Most of us usually listen to, or read content, and either agree or disagree with it. If we find something of value, we make a vague mental note to use it in our lives later. Most of these notes usually tend to get forgotten or lost by the wayside of life. The thing is, until what we learn is applied in the real world, it can’t be remembered and imbibed into who we are as a person.

But how do you apply long-term strategies you read about on say, entrepreneurship or finance in the next 5 seconds? How do you apply lessons on teenage parenting when your child is still a toddler? For that matter, how do you apply a lesson in a new kind of surgery sitting in the classroom when your residency is a long way away?
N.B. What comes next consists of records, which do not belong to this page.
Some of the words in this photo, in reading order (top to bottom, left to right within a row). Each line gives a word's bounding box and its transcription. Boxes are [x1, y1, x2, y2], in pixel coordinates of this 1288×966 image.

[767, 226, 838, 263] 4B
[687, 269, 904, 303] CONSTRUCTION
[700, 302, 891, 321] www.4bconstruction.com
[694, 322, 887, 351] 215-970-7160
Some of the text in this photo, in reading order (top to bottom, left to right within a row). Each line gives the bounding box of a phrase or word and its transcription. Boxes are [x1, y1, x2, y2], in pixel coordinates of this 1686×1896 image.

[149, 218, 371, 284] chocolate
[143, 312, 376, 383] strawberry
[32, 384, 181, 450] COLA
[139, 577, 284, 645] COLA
Interactive vs. Passive Engagement

Interactive learning is different from mere reading or listening to a video or podcast (or listening to a professor in the classroom).
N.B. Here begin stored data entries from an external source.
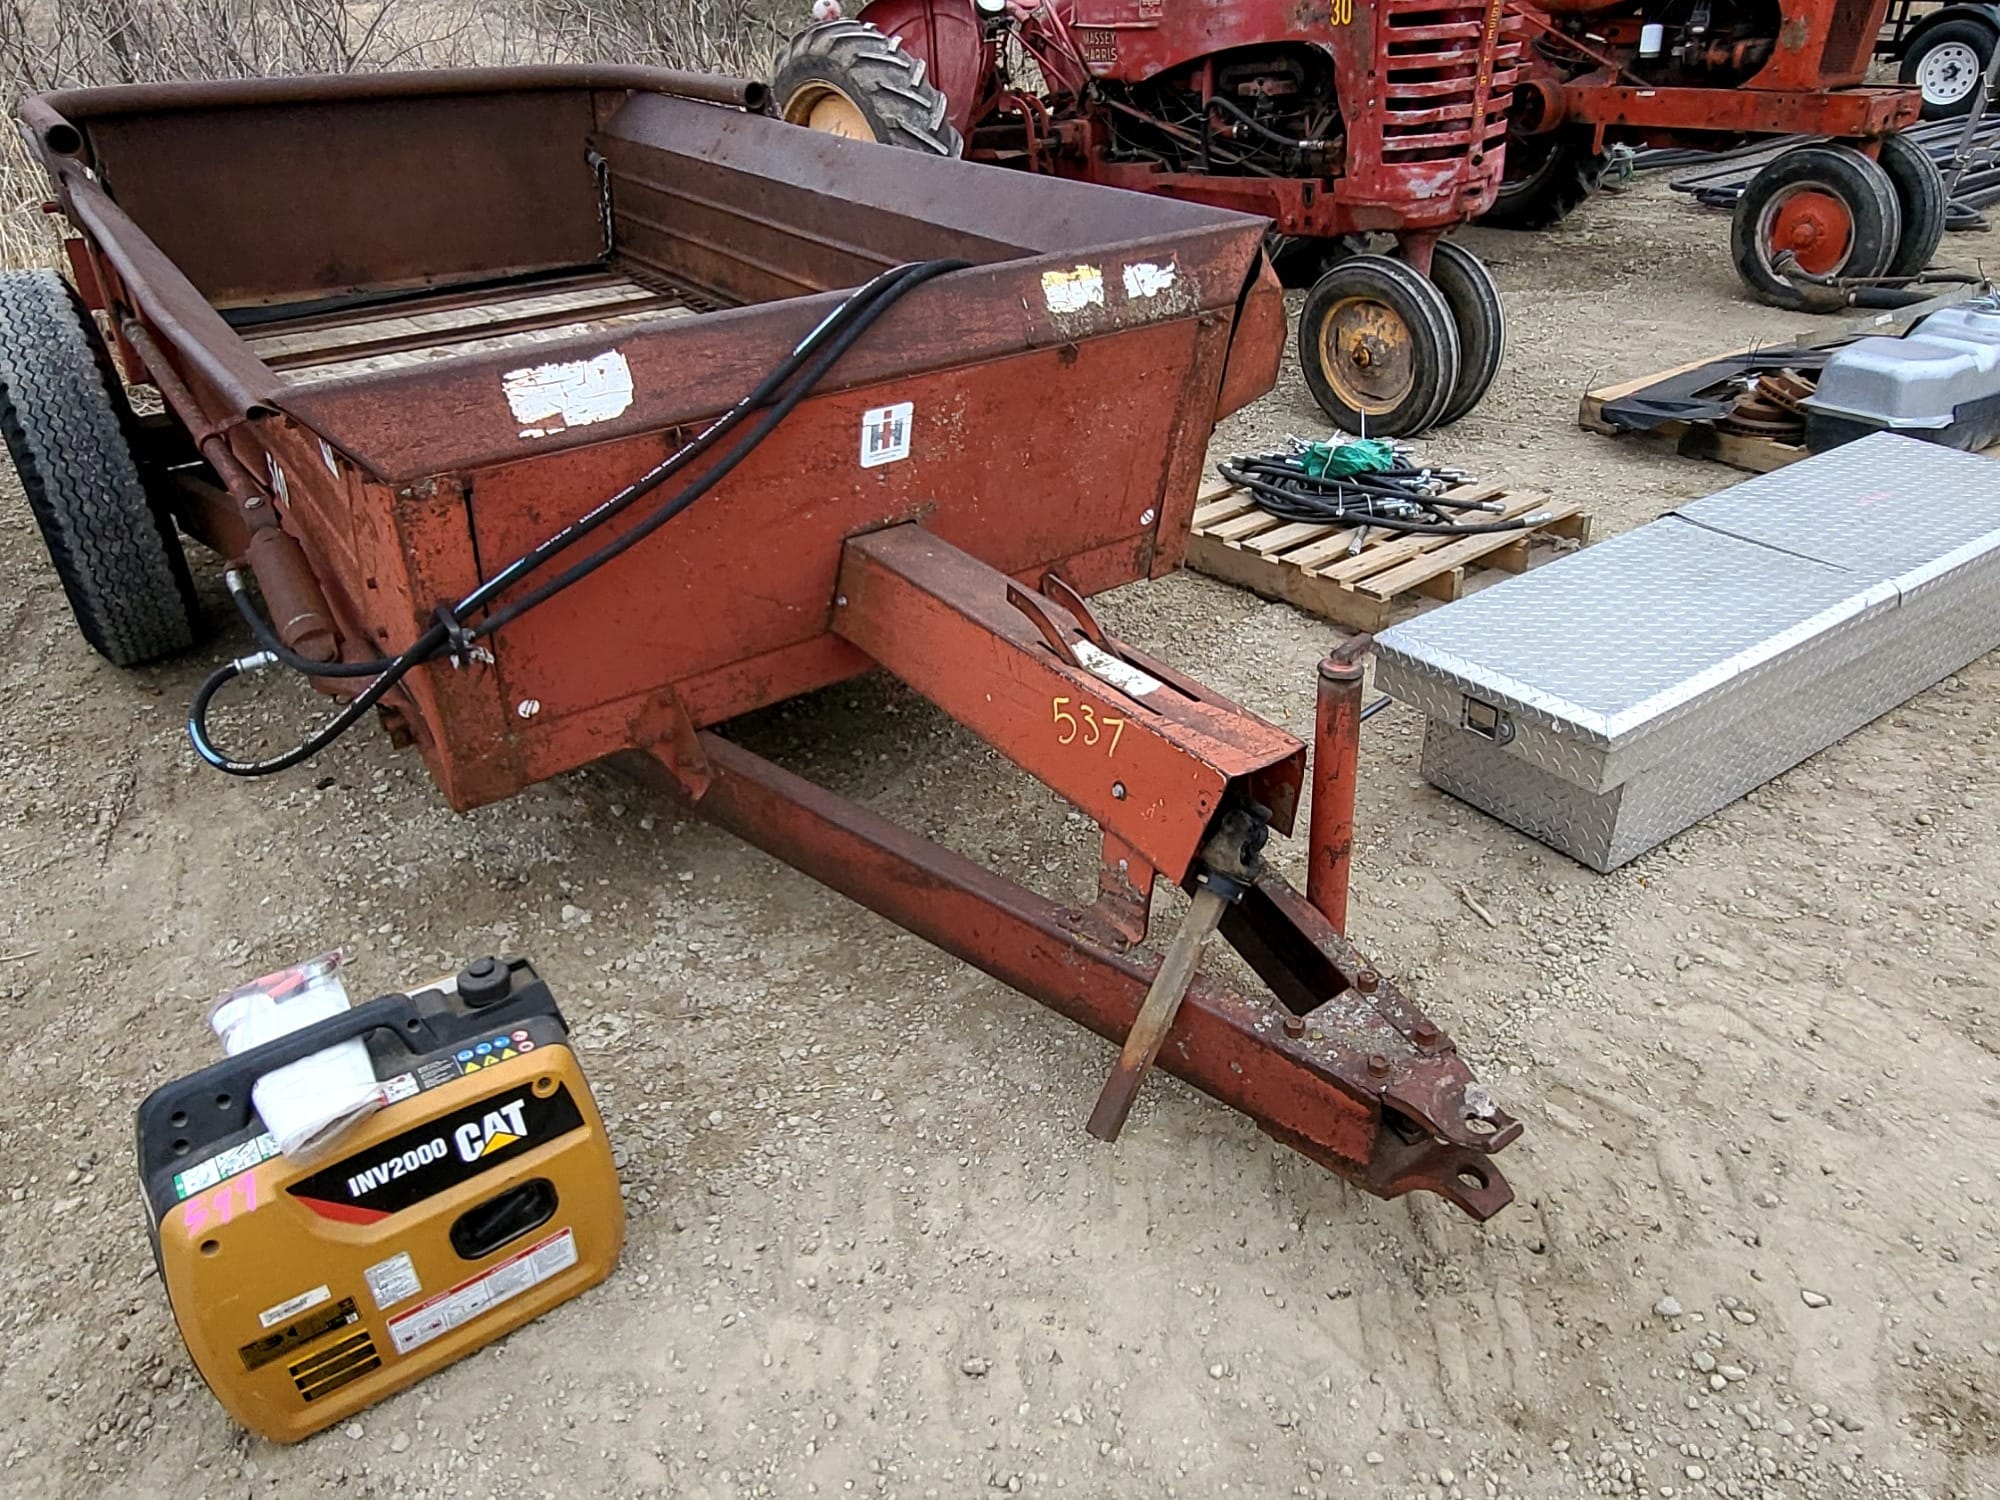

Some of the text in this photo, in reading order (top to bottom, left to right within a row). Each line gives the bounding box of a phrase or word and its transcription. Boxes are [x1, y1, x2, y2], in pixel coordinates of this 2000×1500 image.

[1330, 0, 1352, 26] 30
[1083, 31, 1116, 45] MASSEY
[1083, 48, 1118, 61] HARRIS
[1053, 697, 1125, 758] 537
[347, 1138, 448, 1197] INV2000
[455, 1099, 528, 1162] CAT
You might have begun your reading or movie binges with fiction as a kid. Stories (unlike documentaries or non-fiction) start slow, they set the stage, introduce the characters, show friendships and enmities, and then insert a challenge to the hero/ heroine. Resolving this challenge then becomes the focal point of the story, ending in a happy or tragic climax (as your taste may be).

You read stories to let go, to lose yourself in the moment. You are asking the author or film director to take you on a ride and in the process, you surrender your power to question what you see or experience (unless it is really atrocious). Consequently, there is little interaction — which is great for passive entertainment but ineffective when it comes to active learning.

Choosing what you learn

If you are reading or watching videos or listening to podcasts to learn or educate yourself, your approach should become interactive…and less passive. Stop reading or listening to every piece of content you come across — decide beforehand whether it will add value to your life. Given today’s information overload, this is essential — there are simply too many courses and programs out there, many of them with overlapping content, for you to go through them all.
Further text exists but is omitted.